Establishment of THTT derivatives as potential antileishmanial and anti-inflammatory agents through in vitro and in silico investigations.

Cutaneous leishmaniasis, a neglected tropical disease (NTD) caused by Leishmania tropica, Leishmania major and other members of the same species, poses significant challenges in the public health sector, especially in developing countries. The limitations of current treatments, including toxicity, resistance, availability, and cost effectiveness, necessitate the development of novel therapeutics. This study investigated the leishmanicidal potential of five Thiadiazine thione derivatives (THTT) against L. tropica, at a dose range of 25-426 µM using an MTT assay. Compounds T9, T24, T25 (tris-THTT) and PG (mono-THTT) exhibited notable IC₅₀ values of 20.01, 26.94, 27.71, and 82.79 µM, respectively.
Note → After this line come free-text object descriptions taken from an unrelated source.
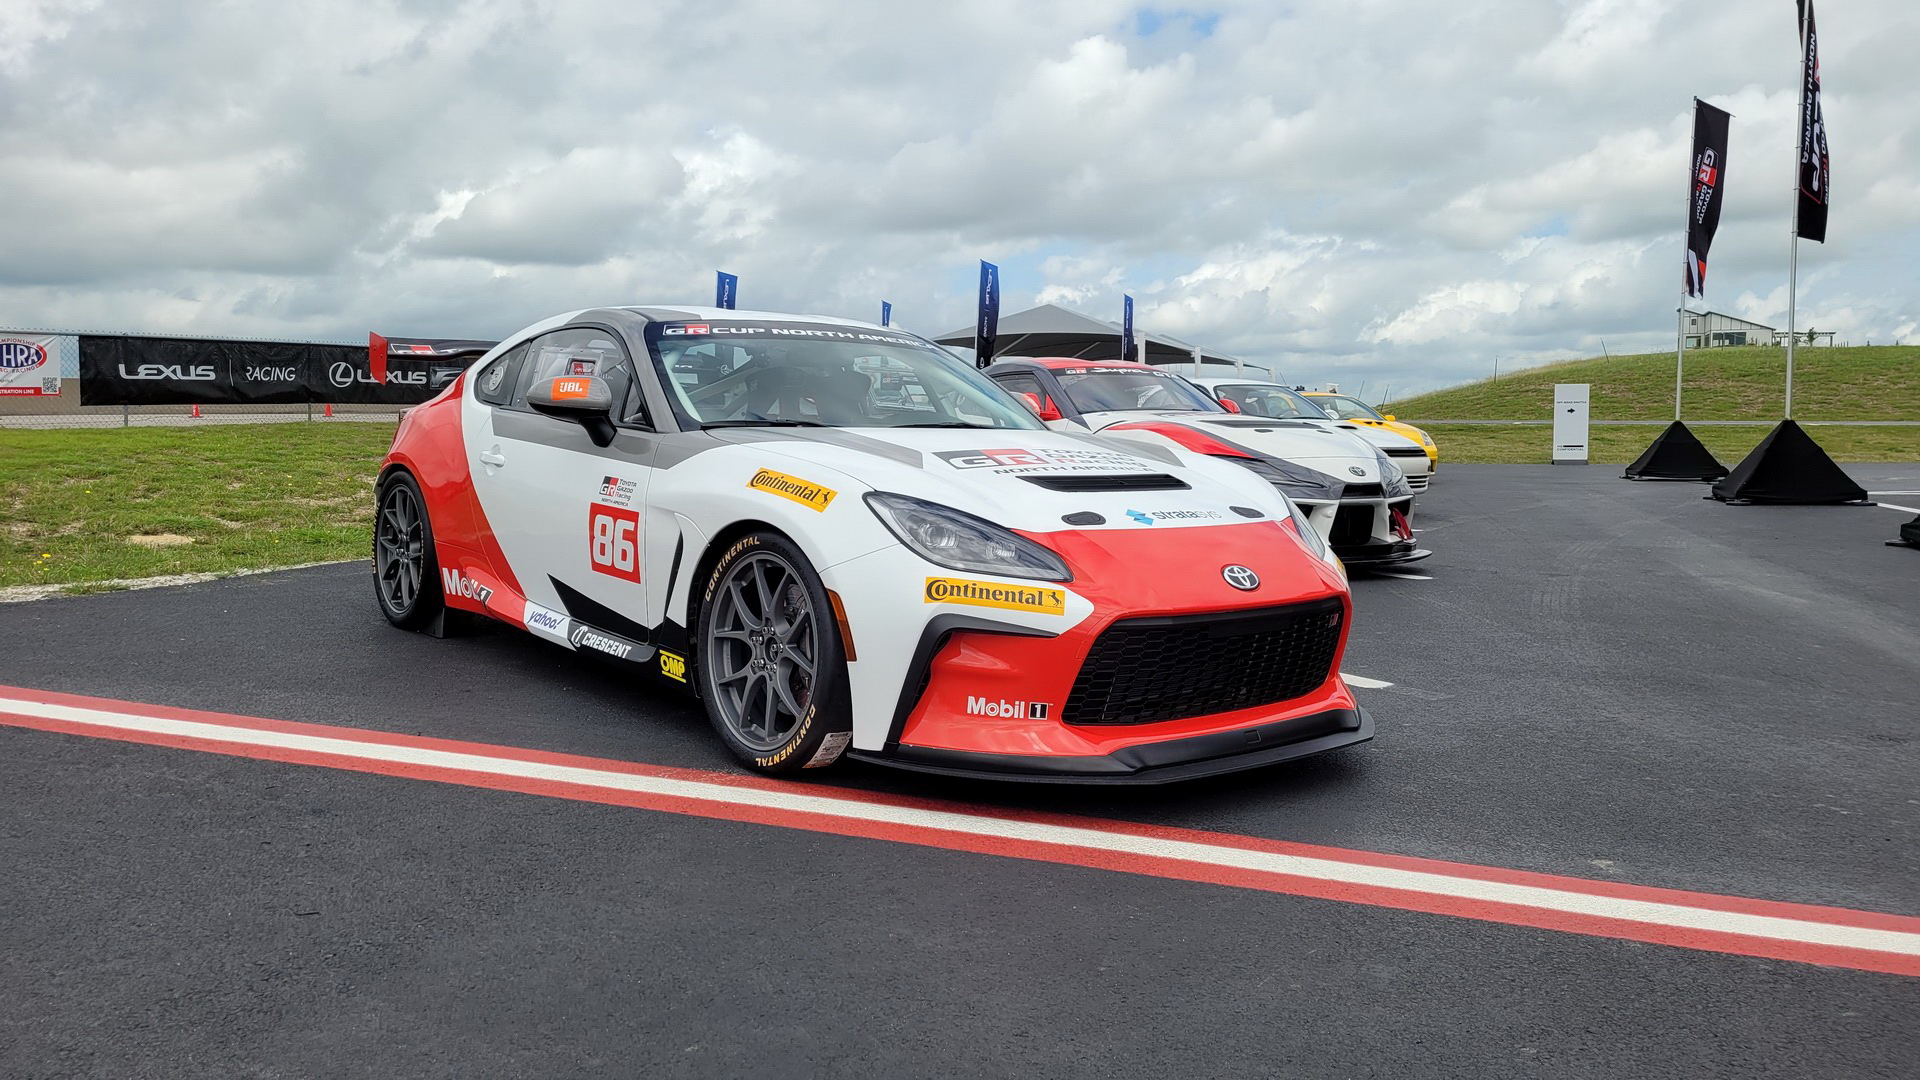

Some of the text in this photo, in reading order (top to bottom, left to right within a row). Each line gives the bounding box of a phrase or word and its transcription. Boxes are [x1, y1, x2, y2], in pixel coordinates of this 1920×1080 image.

[1802, 33, 1816, 163] NORTH AMERICA
[1698, 149, 1715, 183] GR
[1699, 188, 1713, 224] TOYOTA
[664, 326, 709, 335] GR
[771, 328, 854, 338] NORTH
[859, 334, 939, 351] AMERICA
[2, 344, 38, 367] HRA
[12, 365, 36, 374] RACING
[118, 364, 296, 381] LEXUS RACING
[357, 369, 426, 384] LXUS
[560, 382, 582, 392] JBL
[948, 452, 1045, 469] GR
[994, 466, 1068, 474] NORTH
[600, 484, 615, 496] GR
[616, 486, 634, 494] GAZOO
[620, 479, 637, 488] TOYOTA
[750, 470, 822, 502] Continental
[614, 492, 632, 502] Racing
[1152, 510, 1222, 520] stratasys
[592, 514, 635, 572] 86
[704, 536, 760, 602] CONTINENTAL
[926, 580, 1044, 606] Continental
[528, 610, 564, 630] yahoo!
[582, 632, 632, 658] CRESCENT
[660, 654, 686, 678] OMP
[966, 696, 1025, 719] Mobil
[755, 704, 816, 767] CONTINENTAL
Moreover, the same compounds demonstrated promising docking scores against critical leishmanial enzymes, such as Trypanothione reductase, Trypanothione synthetase, Leishmanolysin, and C24-sterol methyl transferase. Hemolytic assay revealed that all the compounds are non-toxic at lower concentrations. Mono-THTTs (PG and BG) showed higher CC₅₀ values i.e., 401.65, 375.68 as compared to tris-THTTs (T9, T24, T25) which is 104.61, 104.51 and 89.73 µM respectively. All derivatives showed high selectivity indices (SI) compared to the standard drug Amphotericin-B. Furthermore, in-silico investigations targeting COX1 and COX2 enzymes unveiled a high affinity of the tested compounds towards these enzymes, indicating their potential involvement as anti-inflammatory agents. Subsequent in-vitro HRBC membrane stabilization and egg albumin denaturation assays confirmed the anti-inflammatory potential of all the compounds. These findings validate THTT derivatives as an effective and novel class of anti-leishmanial agents against L. tropica with a favorable safety profile and potential anti-inflammatory properties. Further research is recommended to elucidate their mechanisms of action and in-vivo efficacy.